It was a tinderbox of an accusation. In April 1991, the New York Times ran an op-ed alleging that Ronald Reagan’s 1980 presidential campaign had conspired with the Iranian government to delay the release of 52 American hostages until after the 1980 election. The Iranian hostage crisis was President Jimmy Carter’s largest political vulnerability, and his lack of success freeing them ultimately sealed his fate at the ballot box. In return for keeping Americans in captivity until Reagan assumed the oath of office, the Republicans had secretly funneled arms to Iran. Treasonous and illegal, the operation—planned and executed by Reagan’s campaign manager Bill Casey—amounted to a shadow foreign policy run by private citizens that ensured Reagan’s victory.
Investigative journalist Craig Unger was one of the first reporters covering the October Surprise—initially for Esquire and then Newsweek—and while attempting to unravel the mystery, he was fired, sued, and ostracized by the Washington press corps, as a counter narrative took hold: The October Surprise was a hoax.

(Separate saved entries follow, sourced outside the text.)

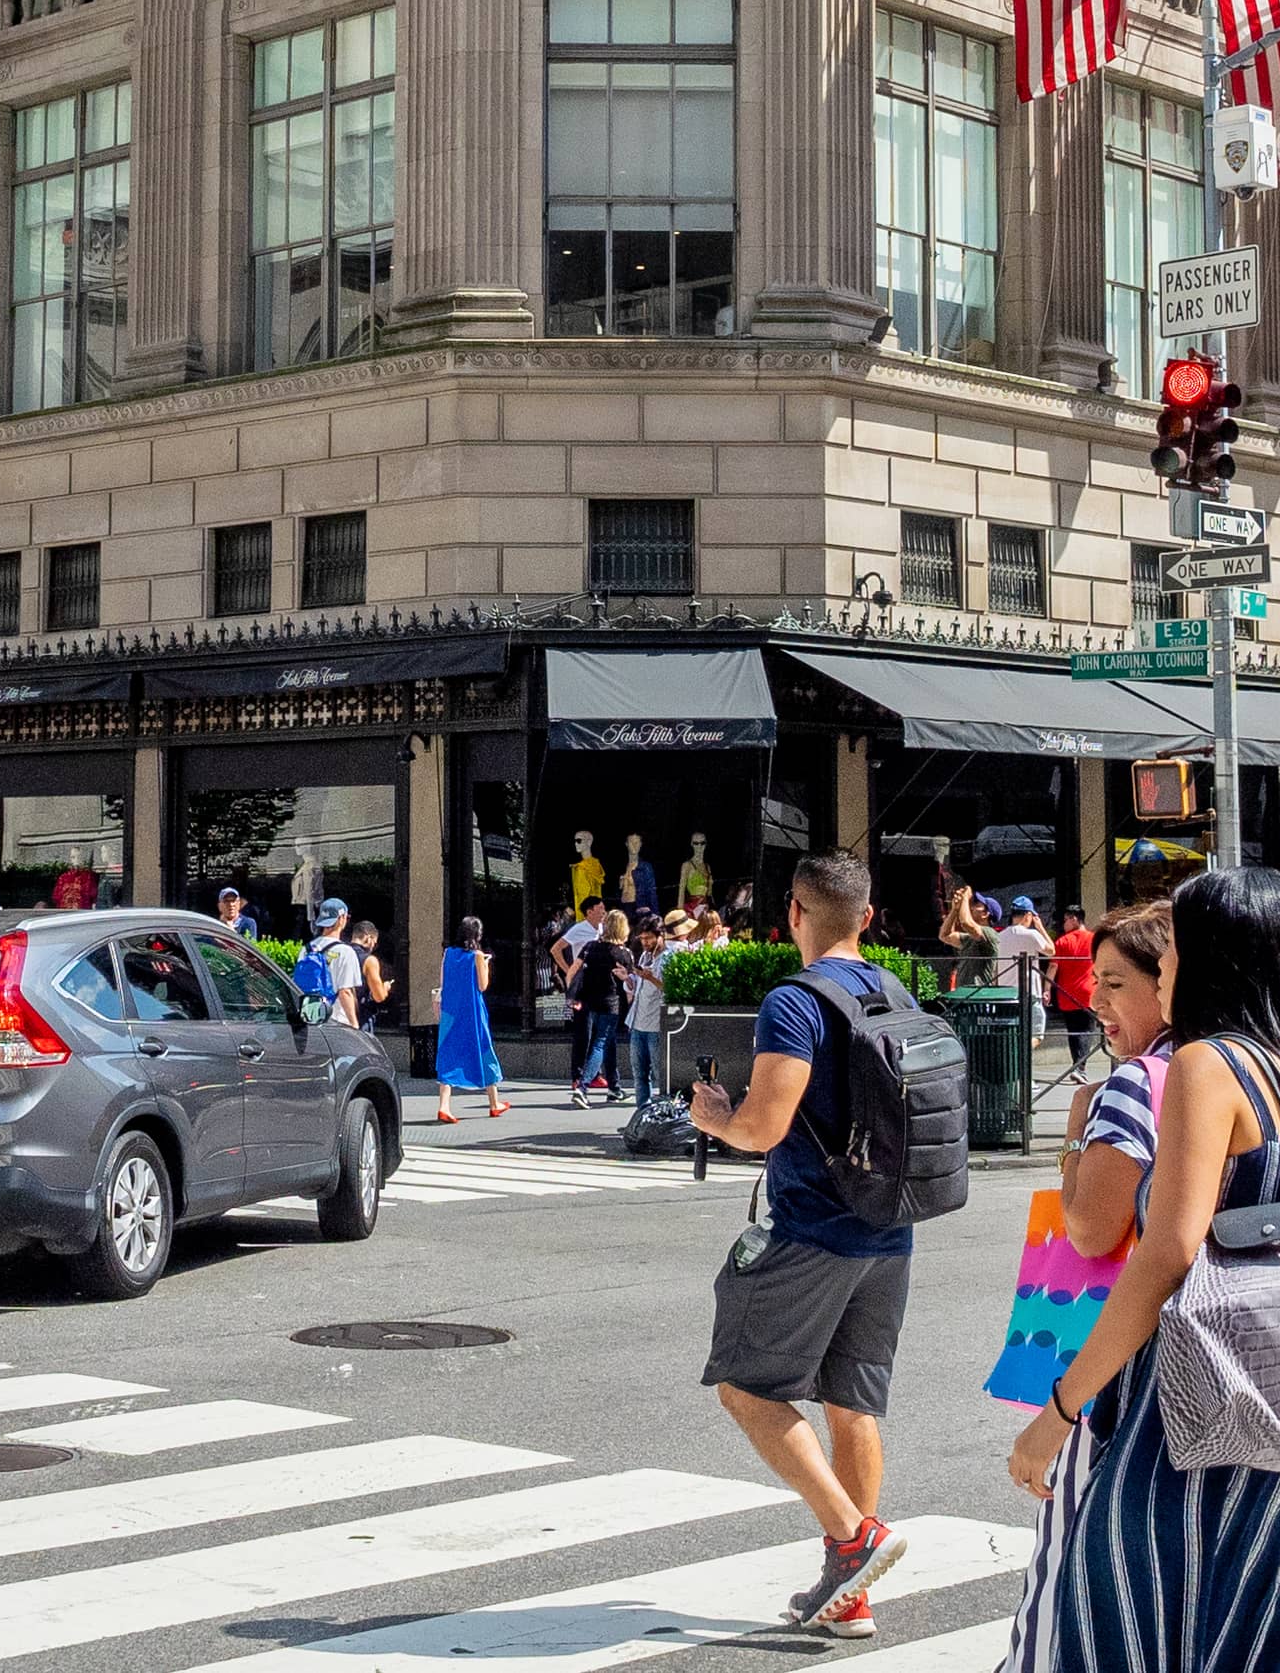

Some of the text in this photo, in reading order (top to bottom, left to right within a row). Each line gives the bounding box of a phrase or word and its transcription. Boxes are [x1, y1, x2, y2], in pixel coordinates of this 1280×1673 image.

[1165, 259, 1251, 294] PASSENGER
[1166, 289, 1251, 323] CARS ONLY
[1209, 515, 1255, 535] ONE WAY
[1178, 557, 1255, 579] ONE WAY
[1243, 592, 1250, 615] 5
[1163, 621, 1201, 638] E 50
[1168, 637, 1197, 648] STREET
[1073, 651, 1204, 671] JOHN CARDINAL O'CONNOR
[602, 722, 724, 745] Saks Fifth Avenue

Though Unger later recovered his name and became a bestselling author on Republican abuses of power, the October Surprise remained his white whale, the project he—as well as legendary investigative journalist, the late Robert Parry—worked on late at night and between assignments.

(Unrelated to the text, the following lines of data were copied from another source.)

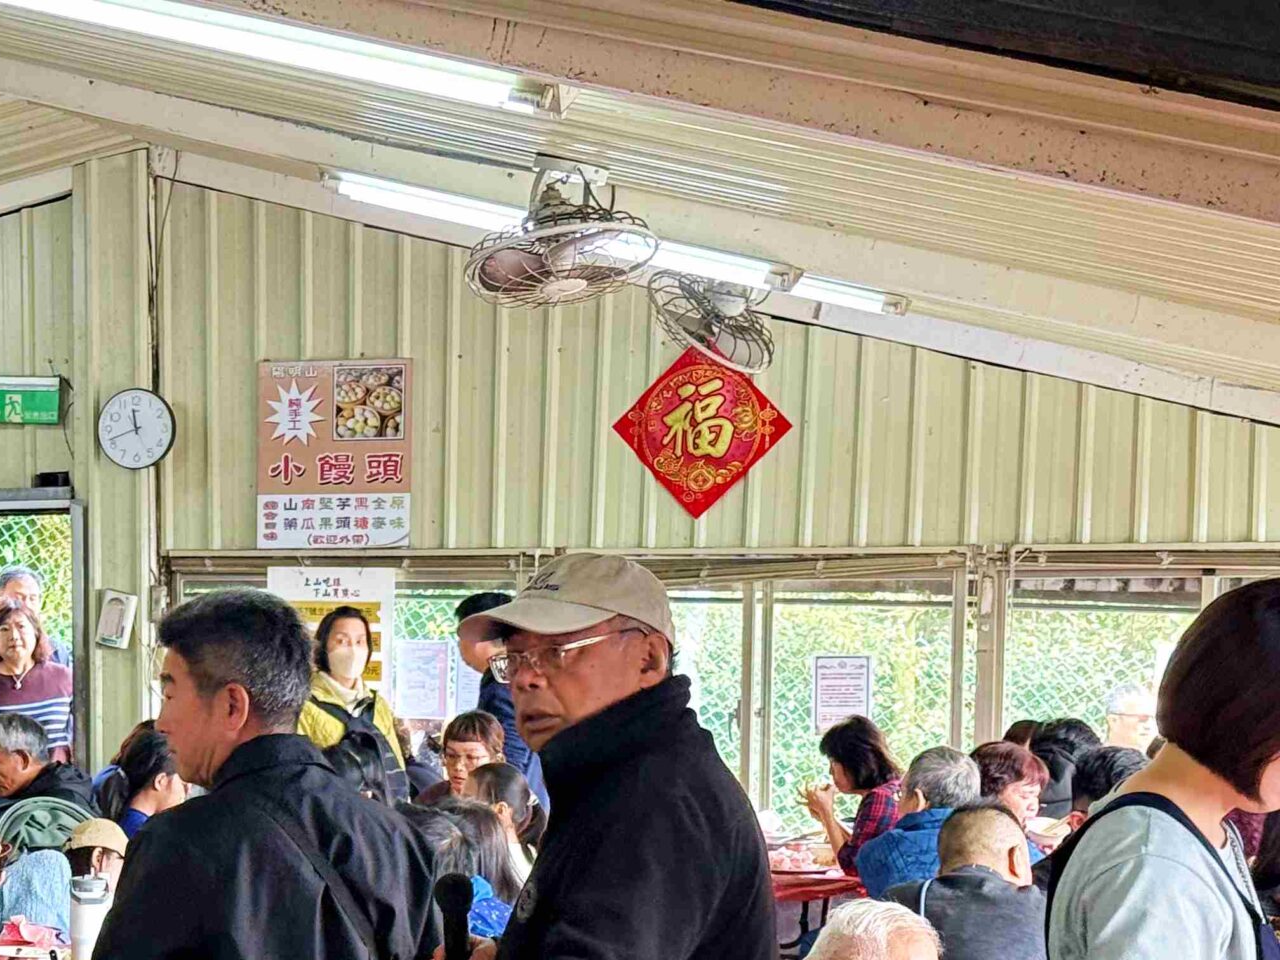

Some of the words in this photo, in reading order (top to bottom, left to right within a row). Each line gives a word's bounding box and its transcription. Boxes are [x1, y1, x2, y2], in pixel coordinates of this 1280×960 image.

[156, 408, 164, 419] 2
[662, 377, 735, 458] 福
[105, 425, 112, 435] 9
[161, 423, 168, 433] 3
[120, 449, 126, 459] 7
[133, 452, 141, 463] 6
[146, 448, 154, 458] 5
[269, 453, 404, 485] 小饅頭

In Den of Spies, Unger reveals the definitive story of the October Surprise, going inside his three-decade reporting odyssey, along with Parry’s never-before-seen archives, and sharing startling truths about what really happened in 1980. The result is a real-life political thriller filled with double agents, CIA operatives, slippery politicians, KGB documents, wealthy Republicans, and dogged journalists. A timely and provocative history that presages our Trump-era political scandals, Den of Spies demonstrates the stakes of allowing the politics of the moment to obscure the writing of our history.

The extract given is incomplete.